For me, I
know _no_ rational study which is only a science of words: and to which of
the two, I pray you, shall I grant the name of botanist,--to him who knows
how to spit out a name or a phrase at the sight of a plant, without knowing
anything of its structure, or to him who, knowing that structure very well,
is ignorant nevertheless of the very arbitrary name that one gives to the
plant in such and such a country? If we only gave to your children an
amusing occupation, we should miss the best half of our purpose, which is,
in amusing them, to exercise their intelligence and accustom them to
attention. Before teaching them to name what they see, let us begin by
teaching them to see it. _That_ science, forgotten in all educations, ought
to form the most important part of theirs. I can never repeat it often
enough--teach them never to be satisfied with words, ('se payer de mots')

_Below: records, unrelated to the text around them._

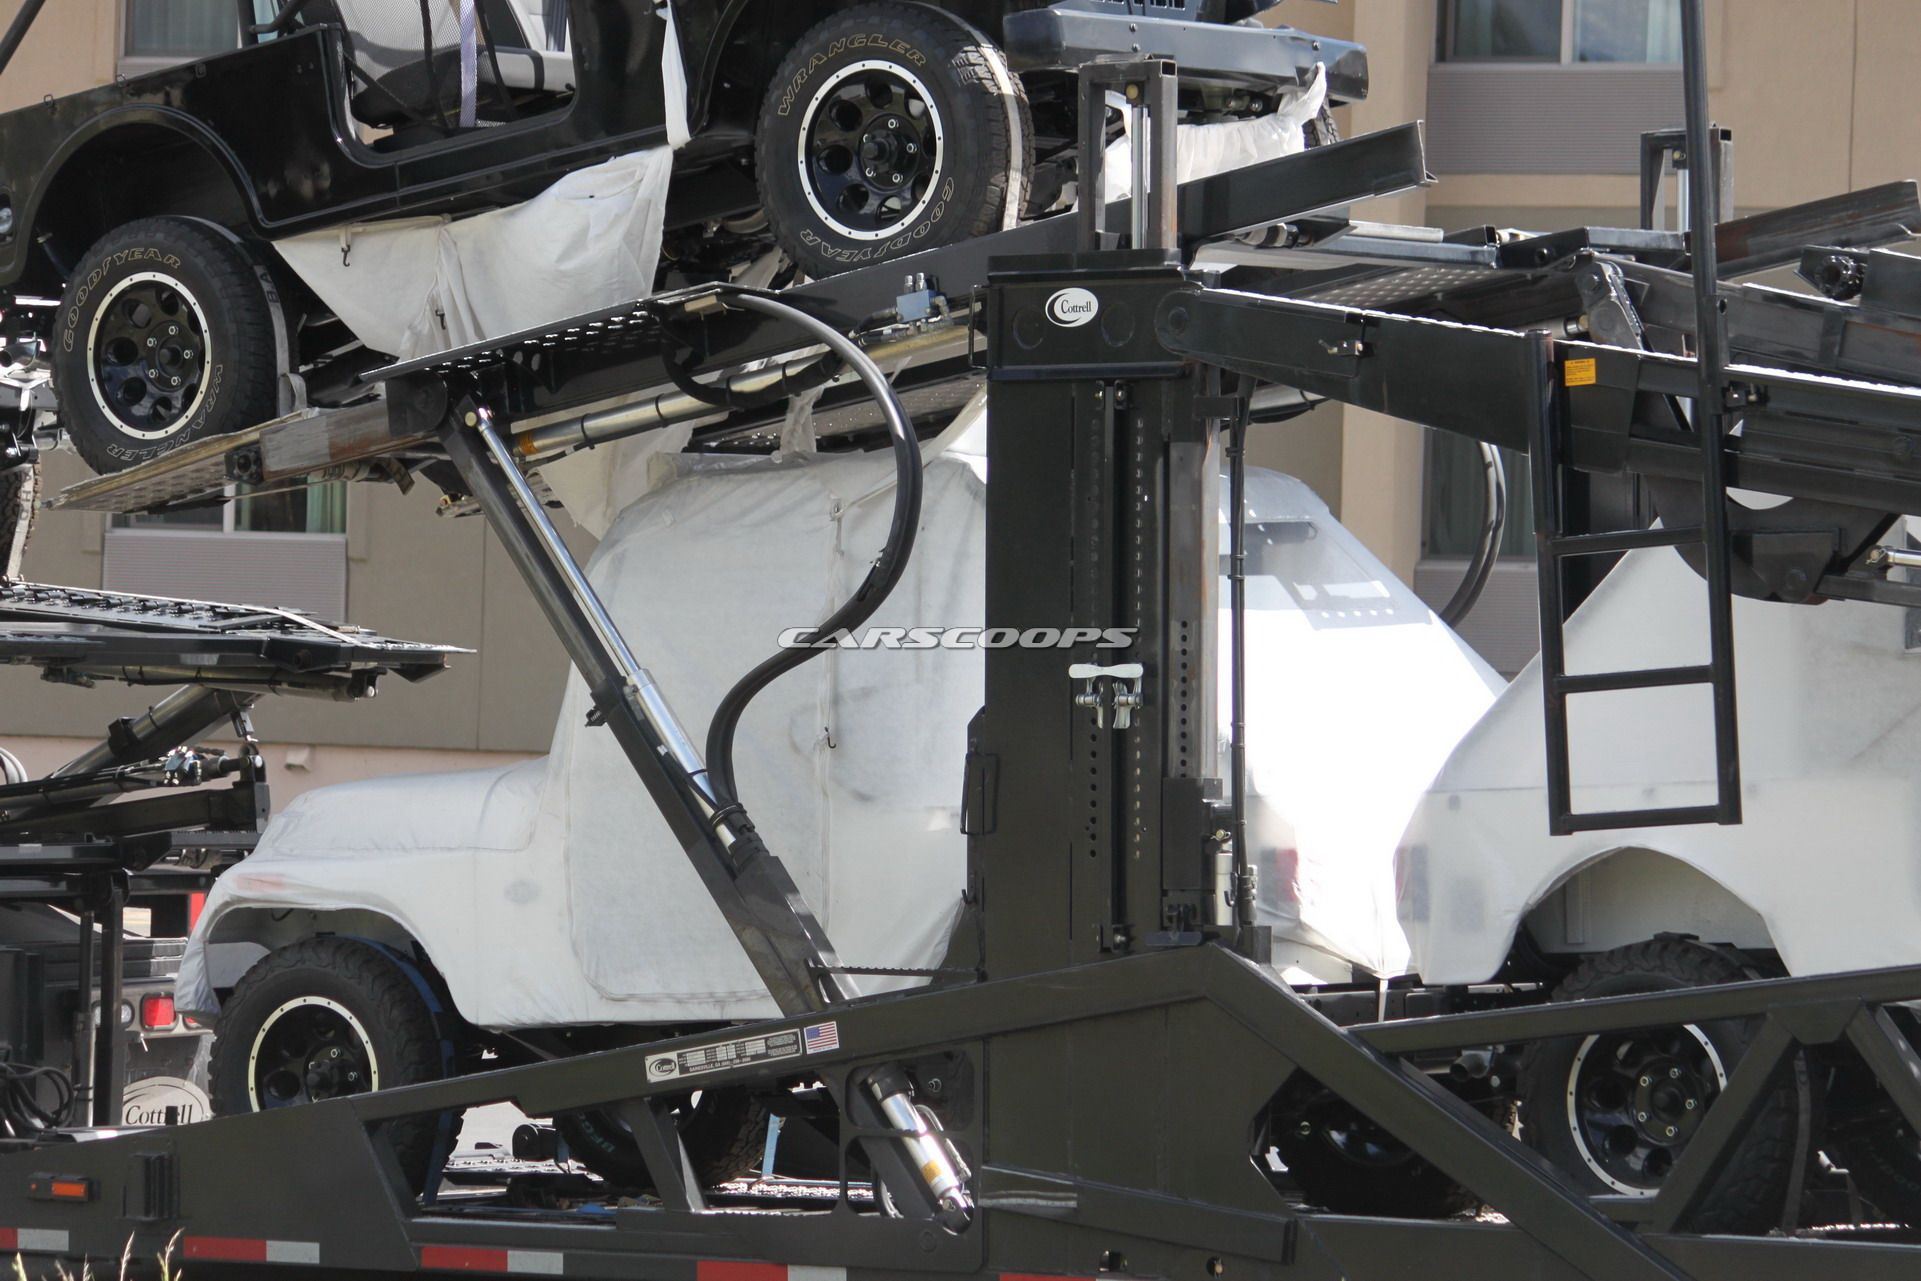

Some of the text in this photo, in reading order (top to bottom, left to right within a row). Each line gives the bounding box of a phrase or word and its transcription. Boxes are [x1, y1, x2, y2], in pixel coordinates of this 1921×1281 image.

[777, 33, 926, 116] WRANGLER
[800, 176, 955, 262] GOODYEAR
[63, 247, 181, 352] GOODYEAR
[1060, 299, 1092, 314] Cottrell
[106, 364, 224, 462] WRANGLER
[125, 1103, 193, 1125] Cottll
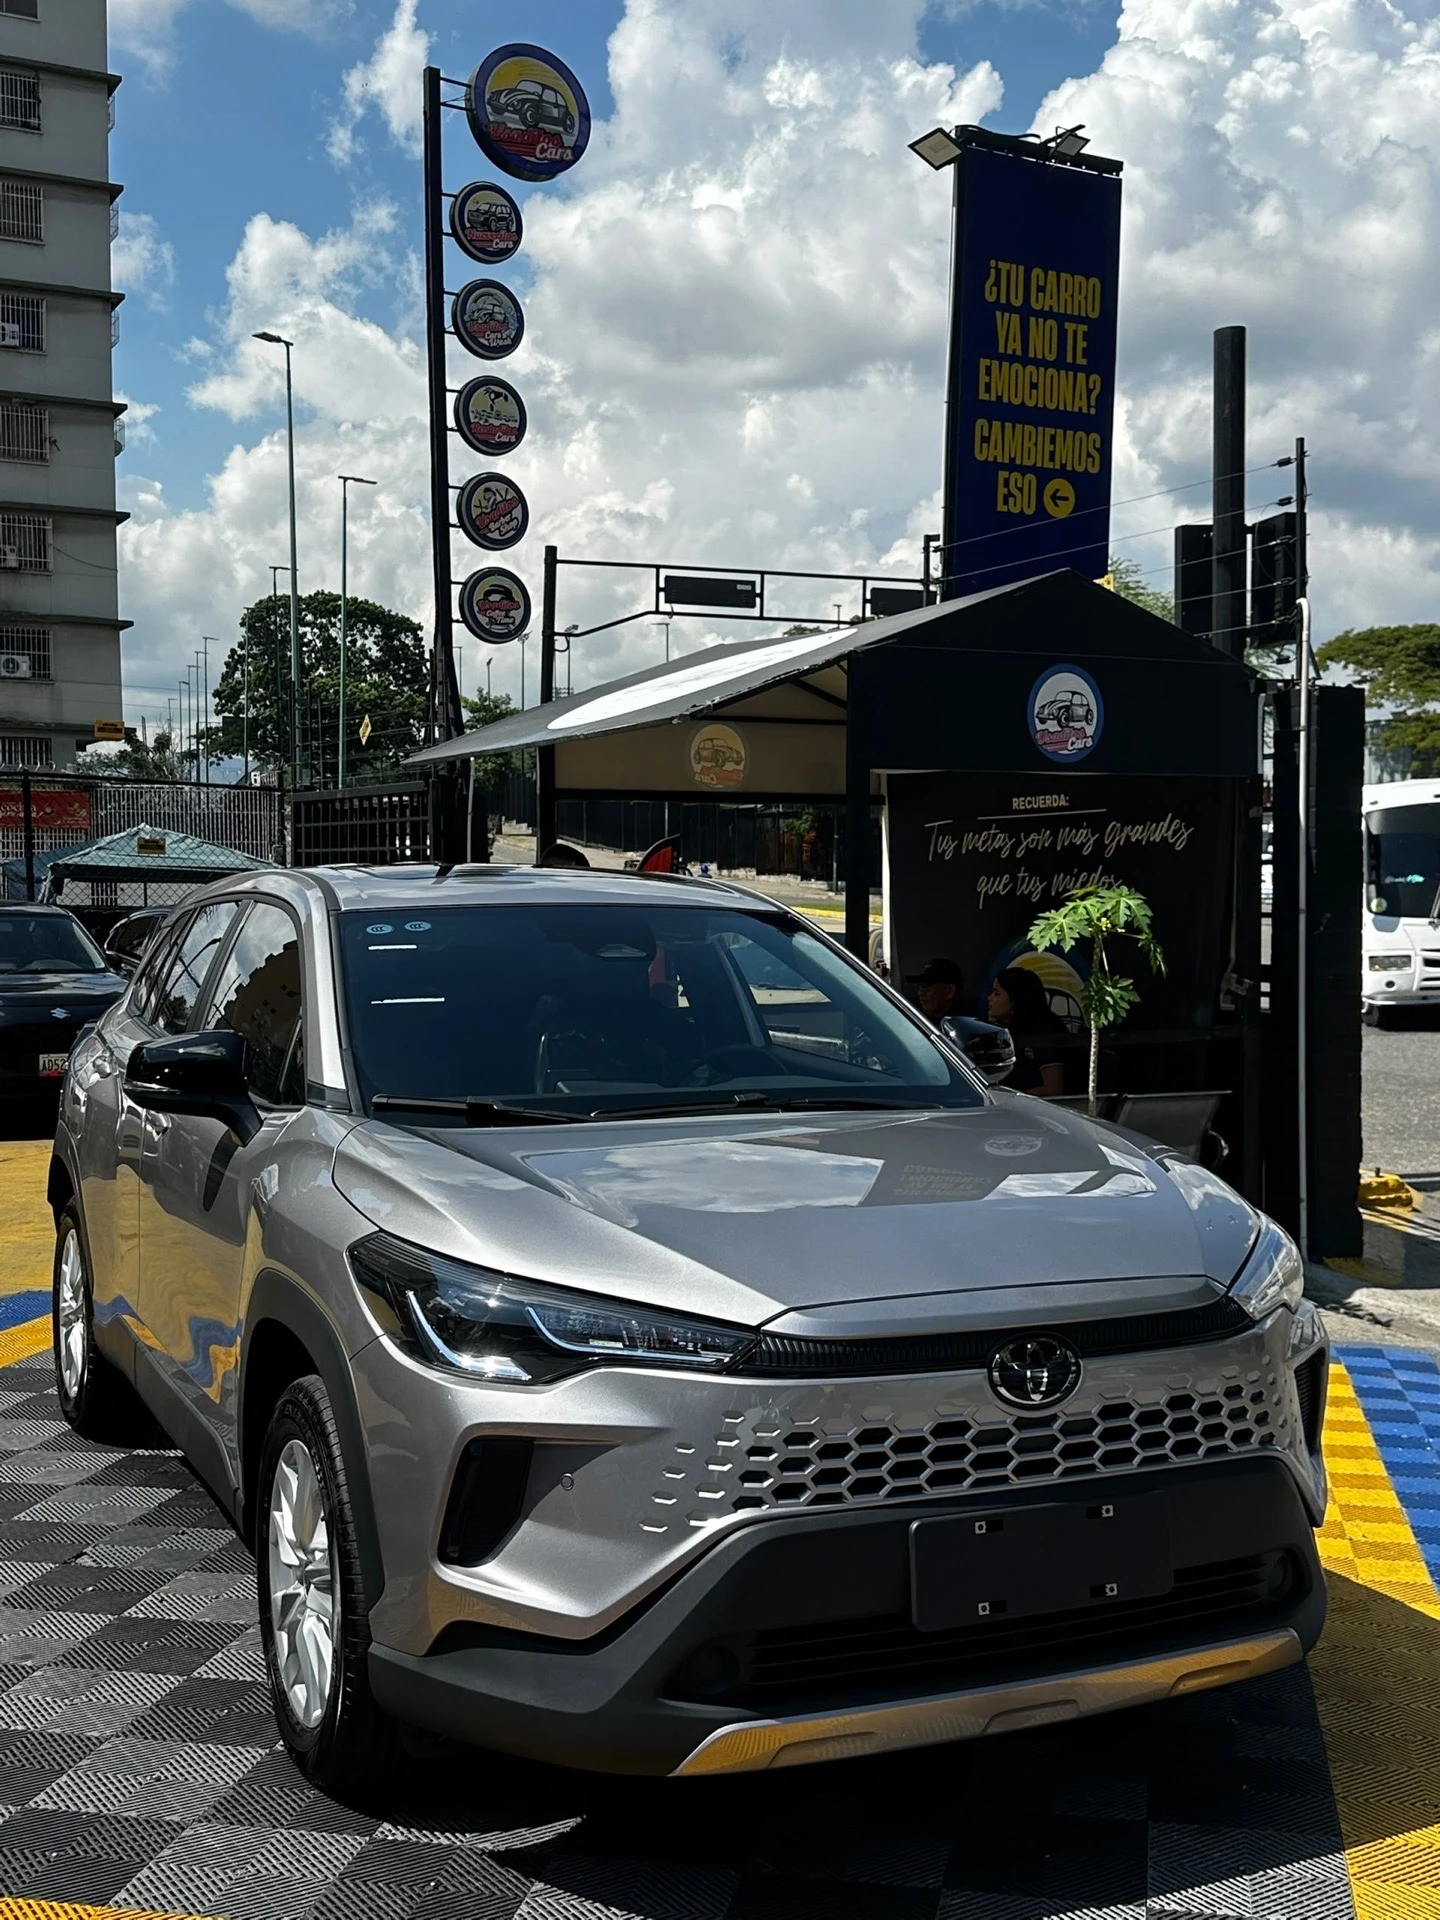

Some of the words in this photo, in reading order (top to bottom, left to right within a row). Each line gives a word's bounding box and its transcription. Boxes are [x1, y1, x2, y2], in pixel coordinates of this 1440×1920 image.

[535, 143, 574, 160] Cars
[492, 239, 514, 249] Cars
[984, 259, 1024, 308] ¿TU
[1030, 267, 1101, 319] CARRO
[995, 311, 1022, 356] YA
[1028, 316, 1058, 362] NO
[1064, 322, 1088, 366] TE
[978, 358, 1101, 415] EMOCIONA?
[495, 432, 516, 442] Cars
[974, 418, 1101, 474] CAMBIEMOS
[996, 470, 1037, 515] ESO
[1035, 727, 1085, 745] Usaditos
[1067, 736, 1093, 750] Cars
[1012, 795, 1070, 810] RECUERDA:
[924, 819, 958, 862] Tus
[962, 823, 1015, 858] metas
[1016, 828, 1053, 858] son
[1057, 821, 1099, 855] más
[976, 873, 1013, 910] que
[1016, 866, 1047, 902] tus
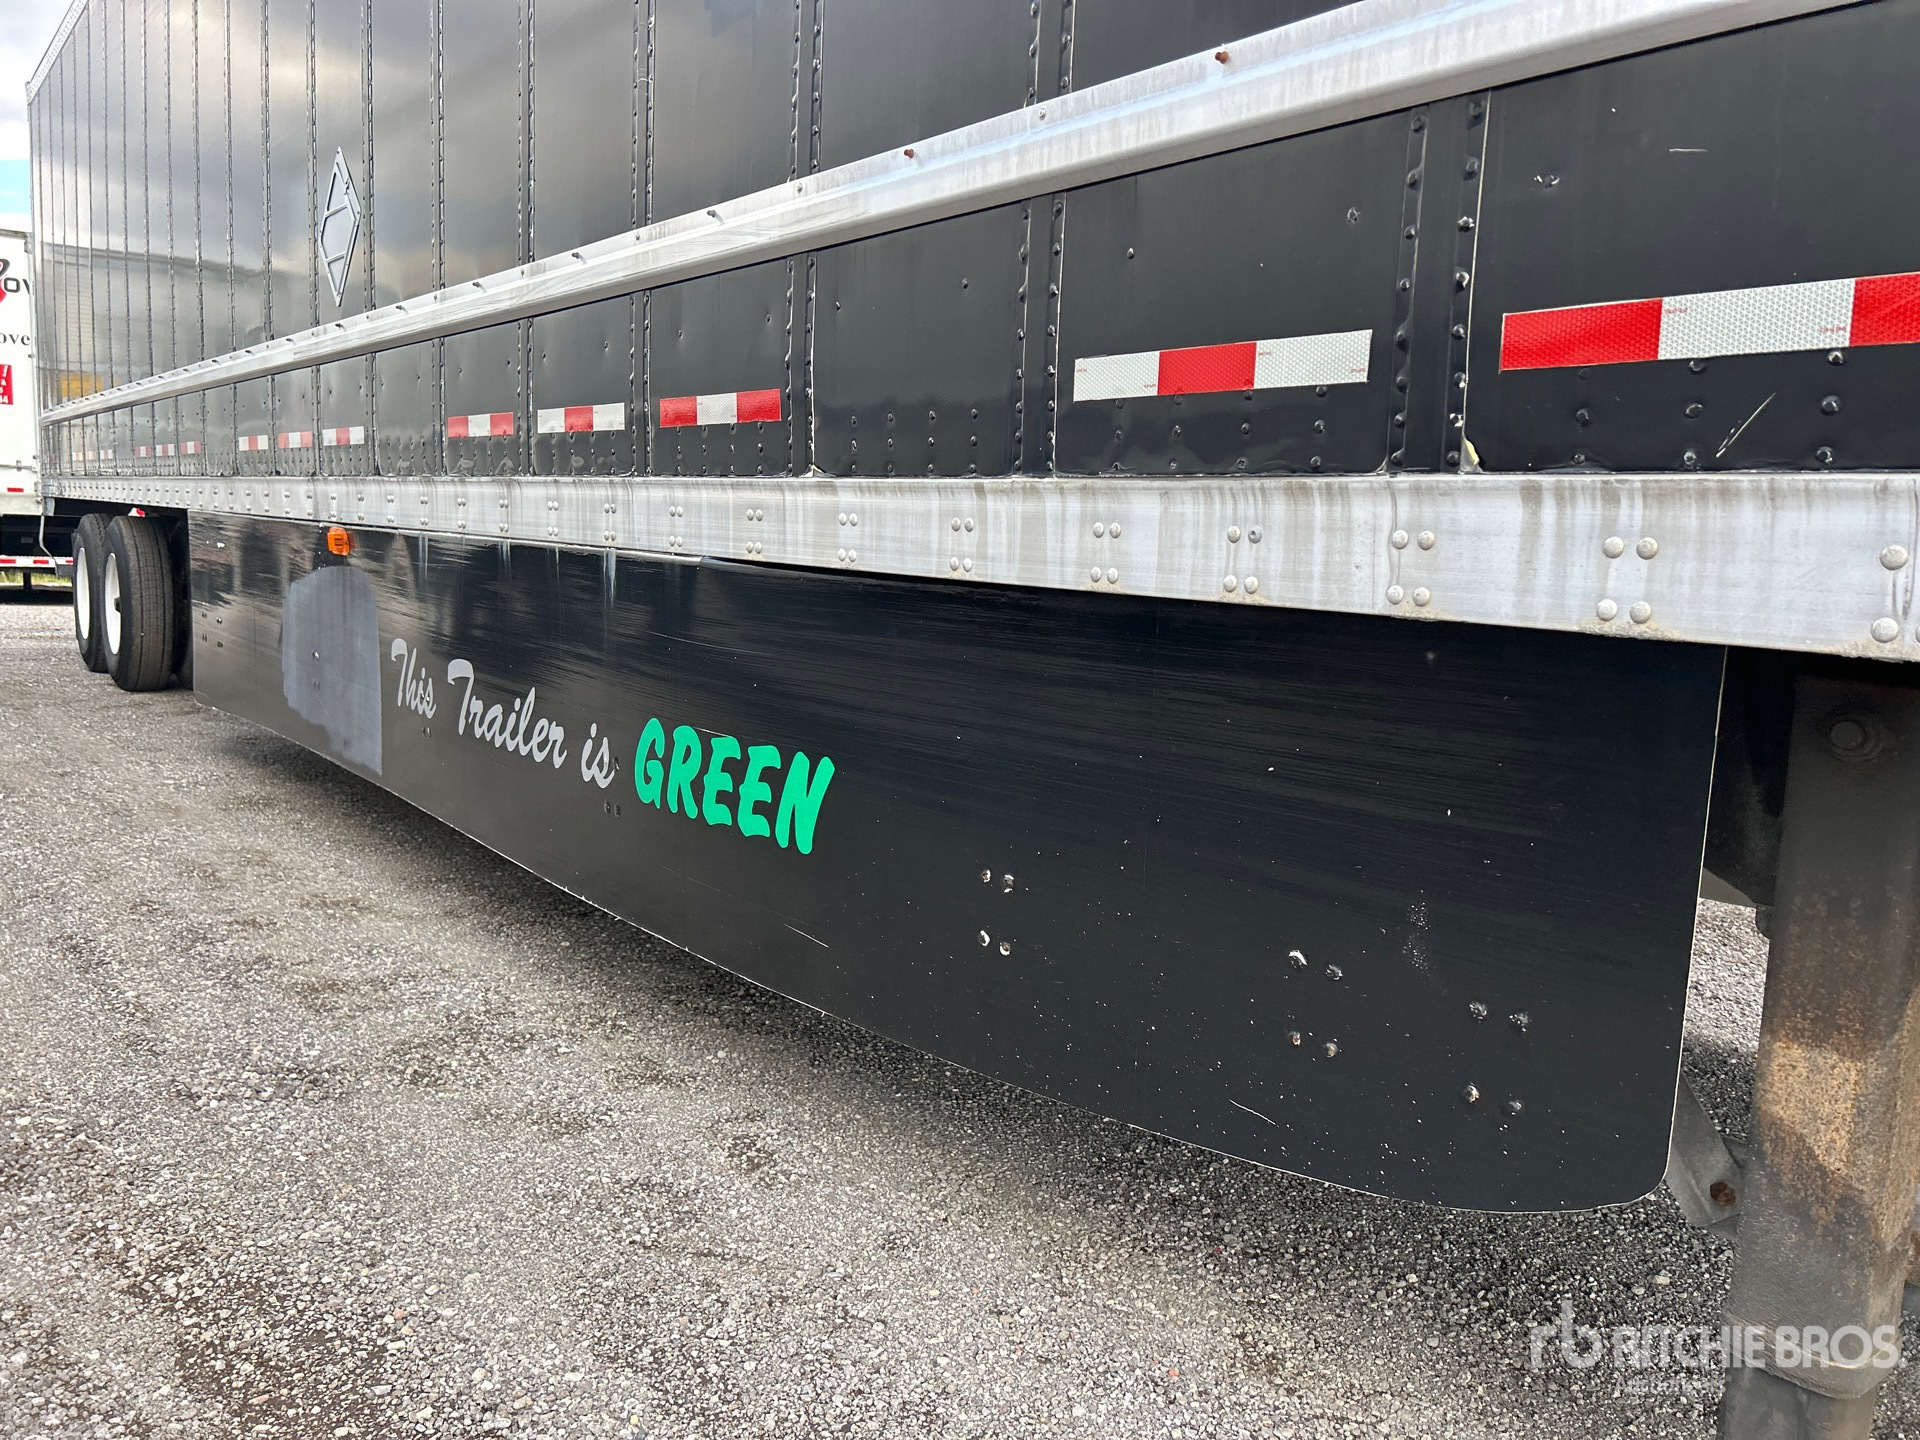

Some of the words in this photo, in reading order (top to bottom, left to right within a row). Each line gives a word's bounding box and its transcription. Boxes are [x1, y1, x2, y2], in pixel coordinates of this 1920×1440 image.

[391, 638, 436, 719] This
[447, 658, 567, 769] Trailer
[580, 723, 615, 788] is
[634, 718, 835, 855] GREEN

and to hold themselves as knowing nothing of what has reached no farther
than their memories."
8. Rousseau chooses, to represent his 'Personees,' La Mufflaude, la
Linaire, l'Euphraise, la Pediculaire, la Crete-de-coq, l'Orobanche, la
Cimbalaire, la Velvote, la Digitale, giving plates of snapdragon, foxglove,
and Madonna-herb, (the Cimbalaire), and therefore including my entire class
of Draconidae, whether open or close throated. But I propose myself to
separate from them the flower which, for the present, I have called
Monacha, but may perhaps find hereafter a better name; this one, which is
the best Latin I can find for a nun of the desert, being given to it
because all the resemblance either to calf or dragon has ceased in its rosy
petals, and they resemble--the lower ones those of the mountain thyme, and
the upper one a softly crimson cowl or hood.